1. To declare to his Majesty’s subjects that he had erected four distinct and separate governments in America, viz., Quebec, East Florida, West Florida, and Granada.

2. To ascertain the respective boundaries of these four new governments.

3. To testify the royal sense and approbation of the conduct and bravery, both of the officers and soldiers of the king’s army, and of the reduced officers of the navy, who had served in North America, and to reward them by grants of land in Quebec, and in East and West Florida, without fee or reward.

4. To hinder the governors of Quebec, East Florida, and West Florida from granting warrants of survey, or passing patents for lands beyond the bounds of their respective governments.

5. To forbid the governors of any other colonies or plantations in America from granting warrants or  passing patents for lands beyond the heads or sources of any of the rivers which fall into the Atlantic Ocean from the west or northwest, or upon any lands whatever “which, not having been ceded to or purchased by the king, are reserved to the said Indians, or any of them.”

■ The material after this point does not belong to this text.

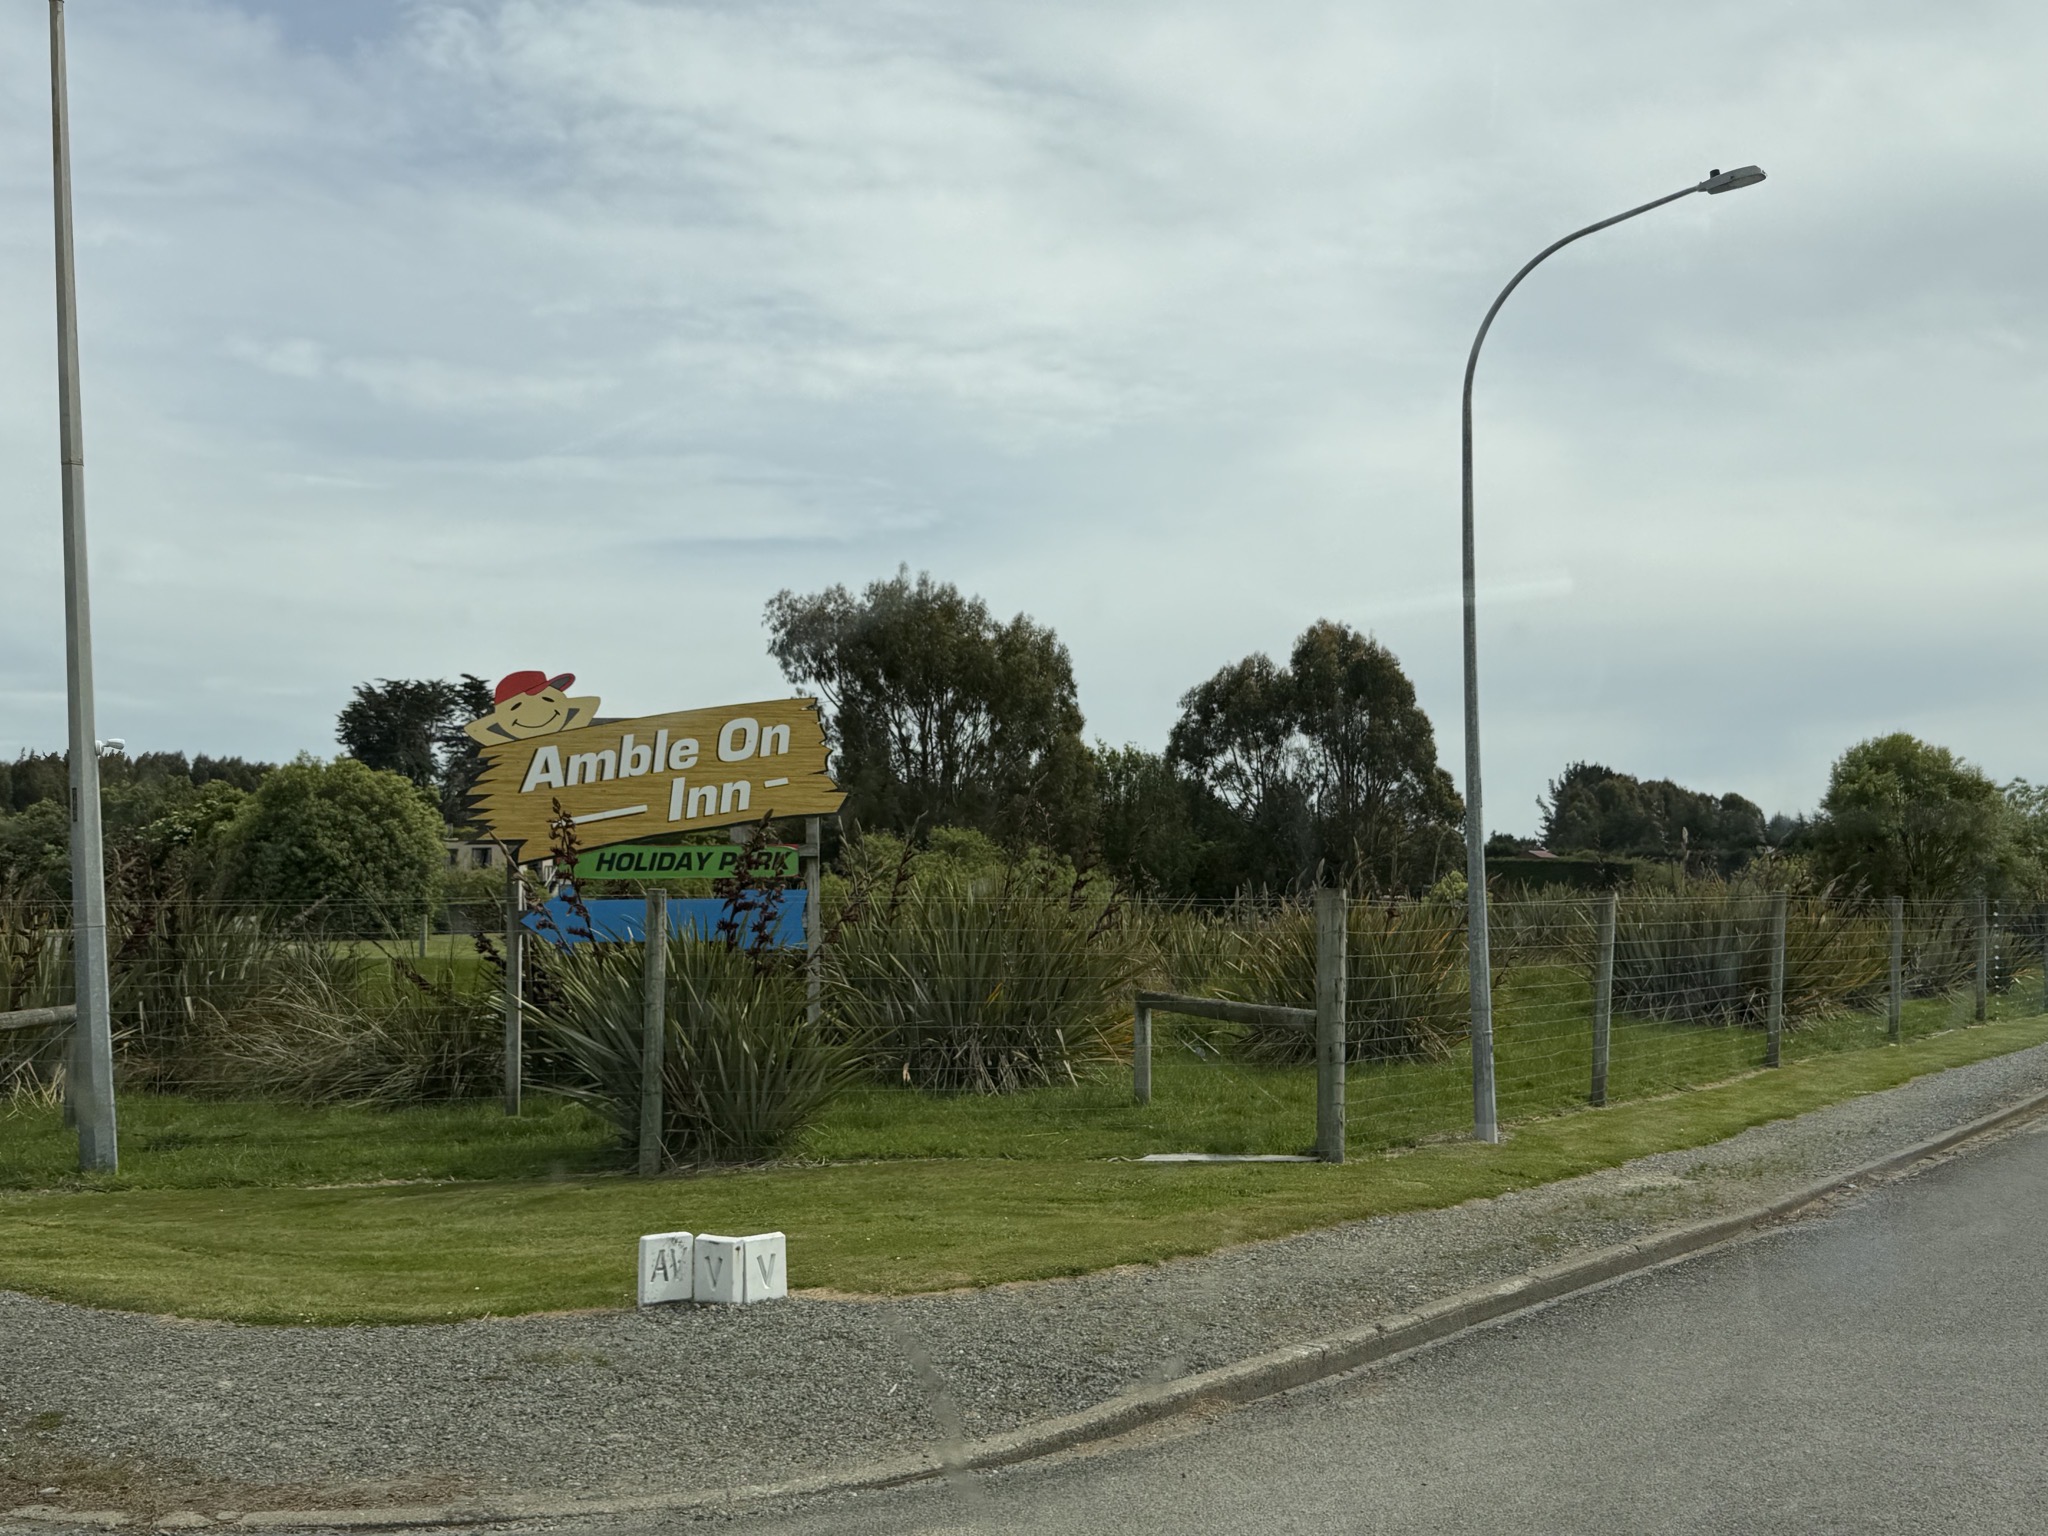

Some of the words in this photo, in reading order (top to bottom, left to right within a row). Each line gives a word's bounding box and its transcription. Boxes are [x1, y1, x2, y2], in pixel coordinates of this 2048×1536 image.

6. To reserve, “for the present,” under the king’s sovereignty, protection, and dominion, “for the use of the said Indians,” all the lands not included within the limits of the said three new governments, or within the limits of the Hudson’s Bay Company; as also all the lands lying to the westward of the sources of the rivers which fall into the sea from the west and northwest, and forbidding the king’s subjects from making any purchases or settlements whatever, or taking possession of the lands so reserved, without his Majesty’s leave and license first obtained.

7. To require all persons who had made settlements on land not purchased by the king from the Indians, to remove from such settlements.

8. To regulate the future purchases of lands from the Indians, within such parts as his Majesty, by that proclamation, permitted settlements to be made upon.

9. To declare that the trade with the Indians should be free and open to all his Majesty’s subjects, and to prescribe the manner how it shall be carried on.

And, lastly, to require all military officers, and the superintendent of Indian affairs, to seize and appre hend all persons who stood charged with treasons,  murders, etc., and who had fled from justice and taken refuge in the reserved lands of the Indians, to send such persons to the colony where they stood accused.

From this proclamation, therefore, it is obvious that the sole design of it, independent of the establishment of the three new governments, ascertaining their respective boundaries, rewarding the officers and soldiers, regulating the Indian trade, and apprehending felons, was to convince the Indians “of his Majesty’s justice and determined resolution to remove all reasonable cause of discontent,” by interdicting all settlements on land not ceded to, or purchased by, his Majesty; and declaring it to be, as we have already mentioned, his royal will and pleasure, “for the present, to reserve, under his sovereignty, protection and dominion, for the use of the Indians, all the lands and territories lying to the westward of the sources of the rivers which fall into the sea from the west and northwest.” Can any words express more decisively the royal intention? Do they not explicitly mention that the territory is, at present, reserved, under his Majesty’s protection, for the use of the Indians? And as the Indians had no use for those lands which are bounded westerly by the southeast side of the river Ohio, either for residence or hunting, they were willing to sell them; and accordingly did sell them to the king in November, 1768, the occasion of which sale will be fully explained in our observations on the succeeding paragraphs of the report. Of course, the proclamation, so far as it regarded the settlement of the lands included within  that purchase, has absolutely and undoubtedly ceased. The late Mr. Grenville, who was, at the time of issuing this proclamation, the minister of this kingdom, always admitted that the design of it was totally accomplished, so soon as the country was purchased from the natives.